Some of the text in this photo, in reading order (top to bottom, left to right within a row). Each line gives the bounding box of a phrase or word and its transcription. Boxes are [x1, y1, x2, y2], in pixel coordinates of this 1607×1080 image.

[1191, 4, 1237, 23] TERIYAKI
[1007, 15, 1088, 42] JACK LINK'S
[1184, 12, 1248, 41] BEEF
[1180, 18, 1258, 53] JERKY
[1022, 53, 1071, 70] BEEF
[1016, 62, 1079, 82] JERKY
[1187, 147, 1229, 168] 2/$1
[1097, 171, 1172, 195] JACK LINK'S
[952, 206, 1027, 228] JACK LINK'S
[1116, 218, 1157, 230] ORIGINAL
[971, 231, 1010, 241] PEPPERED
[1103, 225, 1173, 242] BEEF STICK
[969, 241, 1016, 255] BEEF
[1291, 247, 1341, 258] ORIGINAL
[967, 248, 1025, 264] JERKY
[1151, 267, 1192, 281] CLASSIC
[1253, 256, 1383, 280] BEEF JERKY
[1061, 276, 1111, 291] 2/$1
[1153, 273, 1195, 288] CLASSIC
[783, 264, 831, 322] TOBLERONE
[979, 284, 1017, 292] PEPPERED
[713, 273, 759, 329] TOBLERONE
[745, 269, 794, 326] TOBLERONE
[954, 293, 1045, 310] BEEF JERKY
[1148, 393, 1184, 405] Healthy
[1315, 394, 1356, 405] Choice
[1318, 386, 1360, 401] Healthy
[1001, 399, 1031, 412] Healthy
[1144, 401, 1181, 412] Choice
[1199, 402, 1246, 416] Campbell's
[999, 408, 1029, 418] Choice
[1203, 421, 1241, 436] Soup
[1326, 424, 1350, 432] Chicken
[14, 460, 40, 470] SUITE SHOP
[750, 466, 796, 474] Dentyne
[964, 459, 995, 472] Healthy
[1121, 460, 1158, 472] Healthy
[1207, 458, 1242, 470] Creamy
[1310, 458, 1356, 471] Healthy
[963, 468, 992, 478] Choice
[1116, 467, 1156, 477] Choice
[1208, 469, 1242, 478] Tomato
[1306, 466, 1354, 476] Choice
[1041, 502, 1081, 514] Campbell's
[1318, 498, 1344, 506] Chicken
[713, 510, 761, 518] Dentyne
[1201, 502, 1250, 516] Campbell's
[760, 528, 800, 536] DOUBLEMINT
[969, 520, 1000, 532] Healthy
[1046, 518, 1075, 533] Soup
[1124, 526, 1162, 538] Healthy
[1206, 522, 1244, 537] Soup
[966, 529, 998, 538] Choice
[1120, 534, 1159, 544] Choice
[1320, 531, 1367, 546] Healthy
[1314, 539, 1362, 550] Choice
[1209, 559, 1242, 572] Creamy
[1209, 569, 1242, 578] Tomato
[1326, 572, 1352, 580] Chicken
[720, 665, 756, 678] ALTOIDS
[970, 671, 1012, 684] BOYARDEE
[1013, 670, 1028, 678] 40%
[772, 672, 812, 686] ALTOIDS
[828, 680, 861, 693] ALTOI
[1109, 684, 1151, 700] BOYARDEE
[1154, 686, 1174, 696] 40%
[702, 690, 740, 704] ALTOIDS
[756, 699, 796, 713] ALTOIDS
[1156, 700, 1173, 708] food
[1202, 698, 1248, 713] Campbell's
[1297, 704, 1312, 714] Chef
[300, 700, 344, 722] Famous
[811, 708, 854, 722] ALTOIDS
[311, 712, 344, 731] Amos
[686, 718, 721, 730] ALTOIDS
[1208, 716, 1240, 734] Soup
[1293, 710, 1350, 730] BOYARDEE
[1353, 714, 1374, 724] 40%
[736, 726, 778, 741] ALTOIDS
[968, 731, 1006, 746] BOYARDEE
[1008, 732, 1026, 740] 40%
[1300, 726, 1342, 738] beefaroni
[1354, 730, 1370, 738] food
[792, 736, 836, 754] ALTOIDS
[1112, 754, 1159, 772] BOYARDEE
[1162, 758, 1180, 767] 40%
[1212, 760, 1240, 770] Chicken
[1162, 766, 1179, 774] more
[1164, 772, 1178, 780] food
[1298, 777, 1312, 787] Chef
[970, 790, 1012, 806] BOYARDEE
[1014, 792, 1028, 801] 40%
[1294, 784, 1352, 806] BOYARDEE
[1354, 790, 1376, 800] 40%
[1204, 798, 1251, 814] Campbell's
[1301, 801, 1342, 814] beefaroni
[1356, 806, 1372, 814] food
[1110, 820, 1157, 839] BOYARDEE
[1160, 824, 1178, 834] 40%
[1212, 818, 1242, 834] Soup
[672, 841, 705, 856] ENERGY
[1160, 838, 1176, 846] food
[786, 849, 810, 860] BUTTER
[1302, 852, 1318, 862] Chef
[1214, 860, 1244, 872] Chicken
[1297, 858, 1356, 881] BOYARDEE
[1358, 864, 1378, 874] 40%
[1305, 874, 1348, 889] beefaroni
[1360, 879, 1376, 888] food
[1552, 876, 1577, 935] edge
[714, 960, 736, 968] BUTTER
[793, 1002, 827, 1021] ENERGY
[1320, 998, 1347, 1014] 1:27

◇ ◇ ◇ ◇

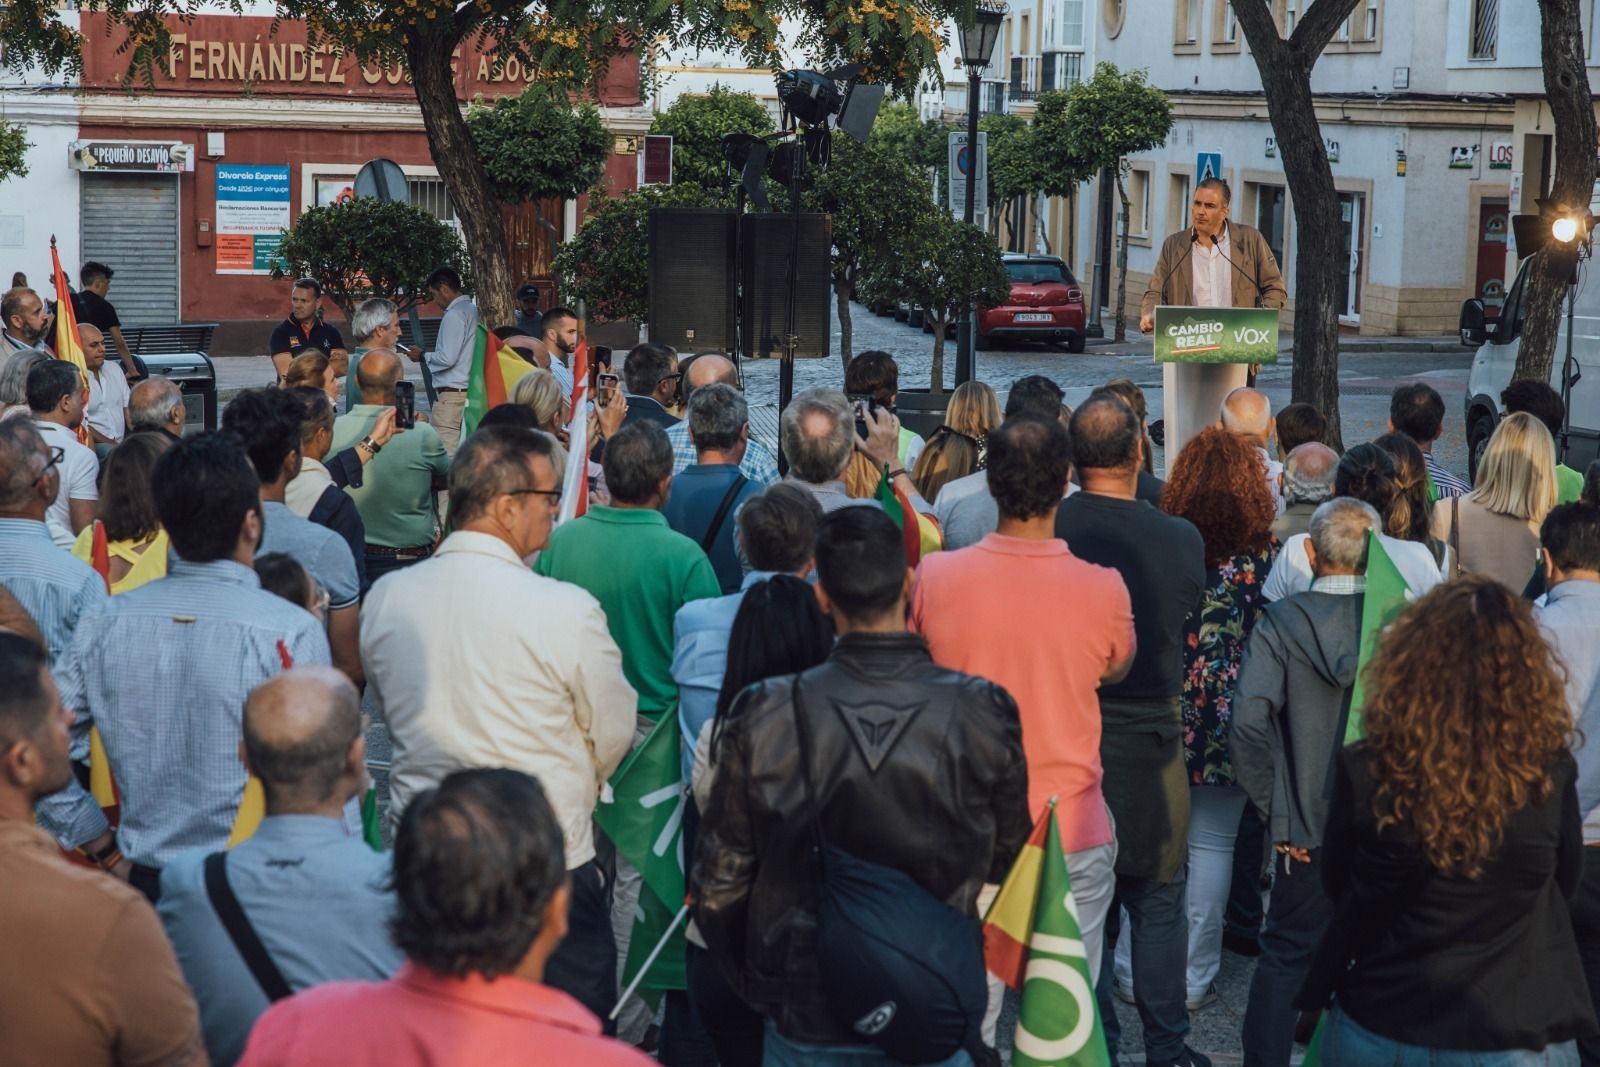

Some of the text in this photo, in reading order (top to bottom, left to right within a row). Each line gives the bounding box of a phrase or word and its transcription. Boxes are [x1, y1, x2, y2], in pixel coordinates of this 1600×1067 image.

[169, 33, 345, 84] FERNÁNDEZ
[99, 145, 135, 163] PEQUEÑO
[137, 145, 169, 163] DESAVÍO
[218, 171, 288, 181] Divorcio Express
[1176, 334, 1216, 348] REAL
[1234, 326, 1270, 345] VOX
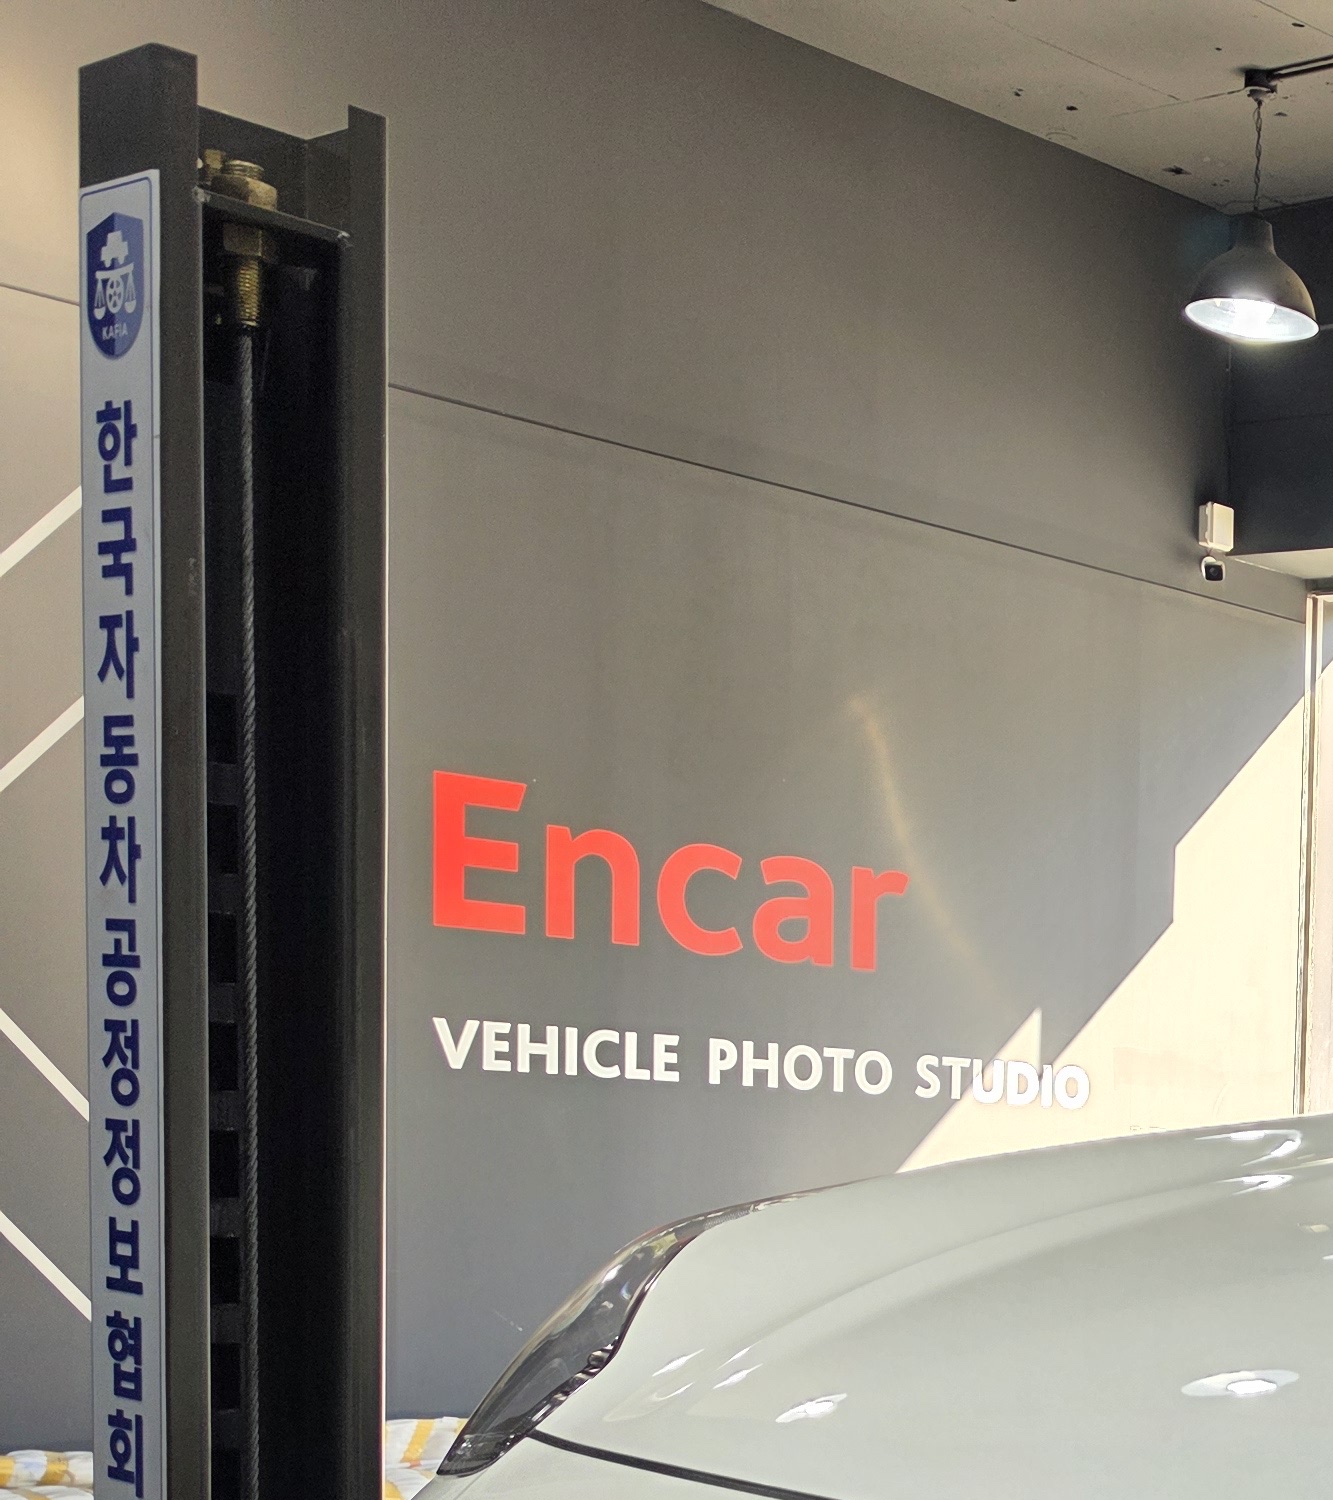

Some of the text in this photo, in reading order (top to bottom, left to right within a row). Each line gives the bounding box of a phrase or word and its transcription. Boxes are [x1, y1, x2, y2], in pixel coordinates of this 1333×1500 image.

◇ ◇ ◇ ◇

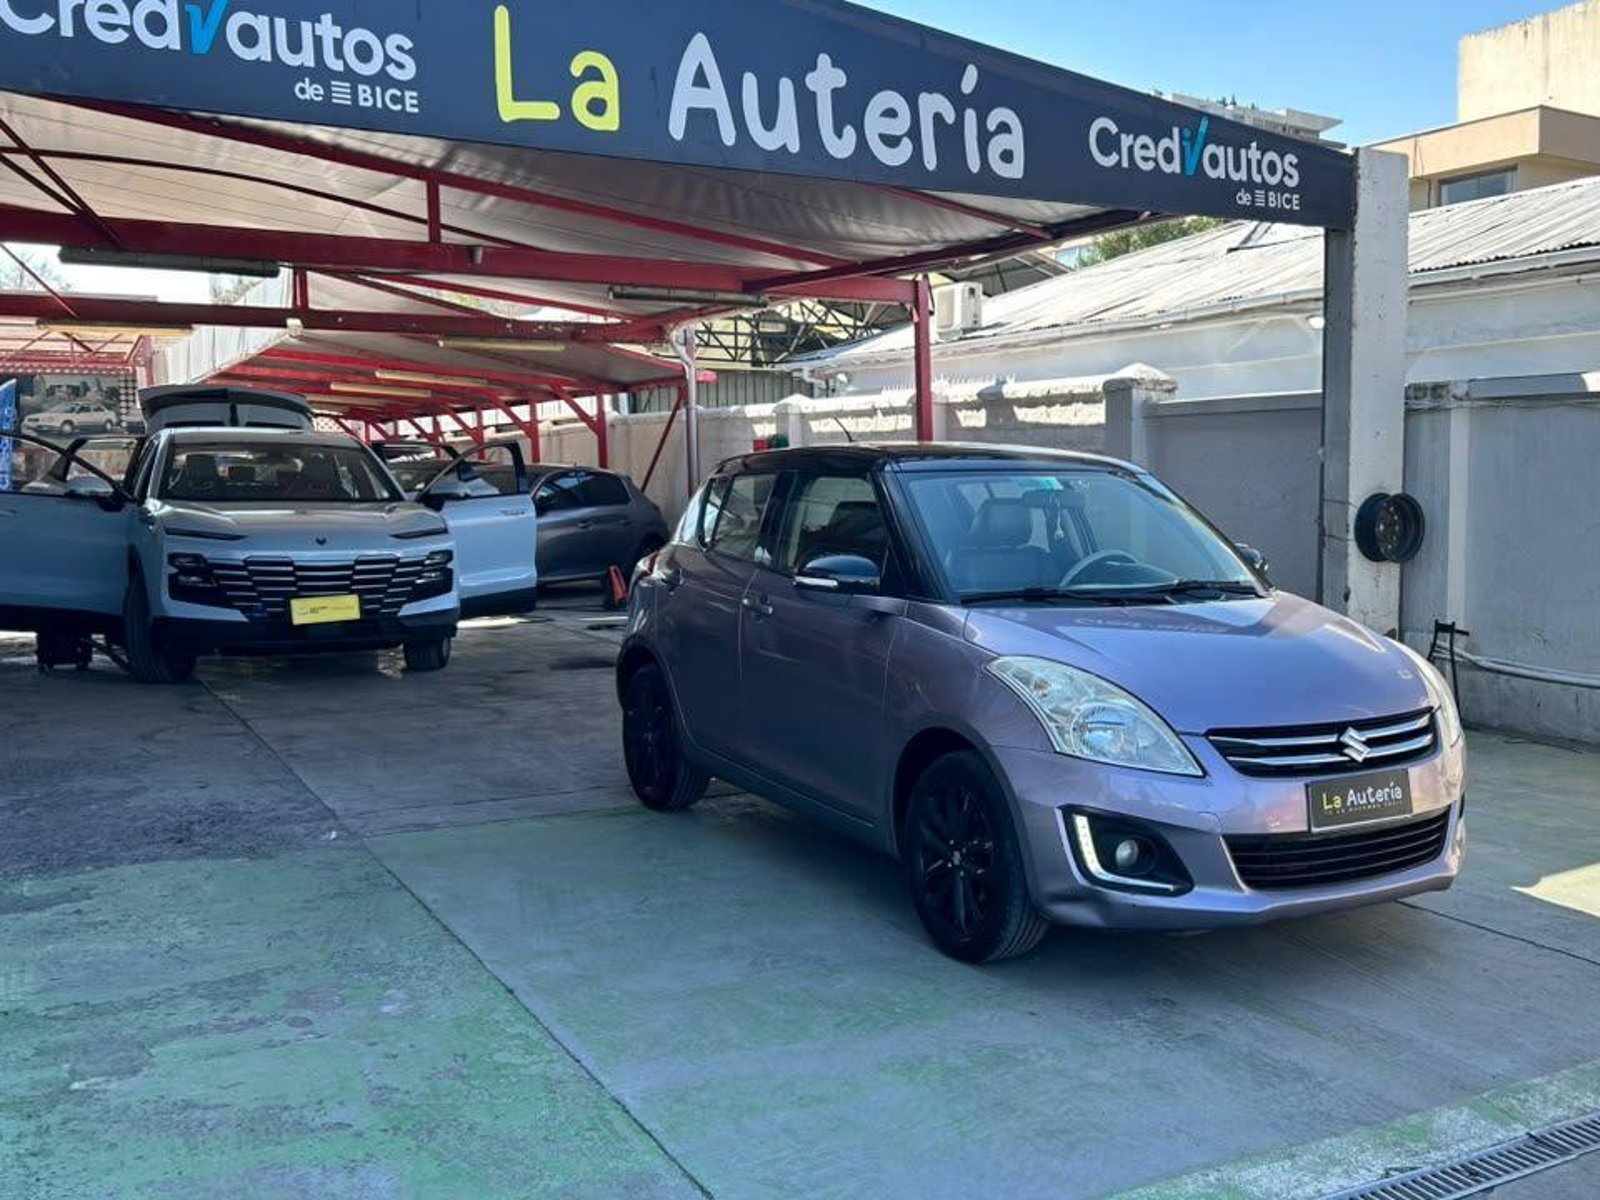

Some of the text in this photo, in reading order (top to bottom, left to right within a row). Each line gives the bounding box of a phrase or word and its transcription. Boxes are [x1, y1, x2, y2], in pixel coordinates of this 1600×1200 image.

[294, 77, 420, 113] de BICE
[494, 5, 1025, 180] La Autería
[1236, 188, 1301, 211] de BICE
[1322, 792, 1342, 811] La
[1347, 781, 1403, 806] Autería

◇ ◇ ◇ ◇

YOUR INSTRUCTIONS
Your answer should be the lines above, word for word, from the line with "this 1600×1067 image." through the line with "this 1333×1500 image.", minus the pictures.

WRITTEN REPLY
Some of the text in this photo, in reading order (top to bottom, left to right within a row). Each line gives the bounding box of a phrase or word and its transcription. Boxes are [x1, y1, x2, y2], in pixel coordinates of this 1600×1067 image.

[169, 33, 345, 84] FERNÁNDEZ
[99, 145, 135, 163] PEQUEÑO
[137, 145, 169, 163] DESAVÍO
[218, 171, 288, 181] Divorcio Express
[1176, 334, 1216, 348] REAL
[1234, 326, 1270, 345] VOX

Some of the text in this photo, in reading order (top to bottom, left to right within a row). Each line gives the bounding box of a phrase or word and its transcription. Boxes are [x1, y1, x2, y2], in pixel coordinates of this 1333×1500 image.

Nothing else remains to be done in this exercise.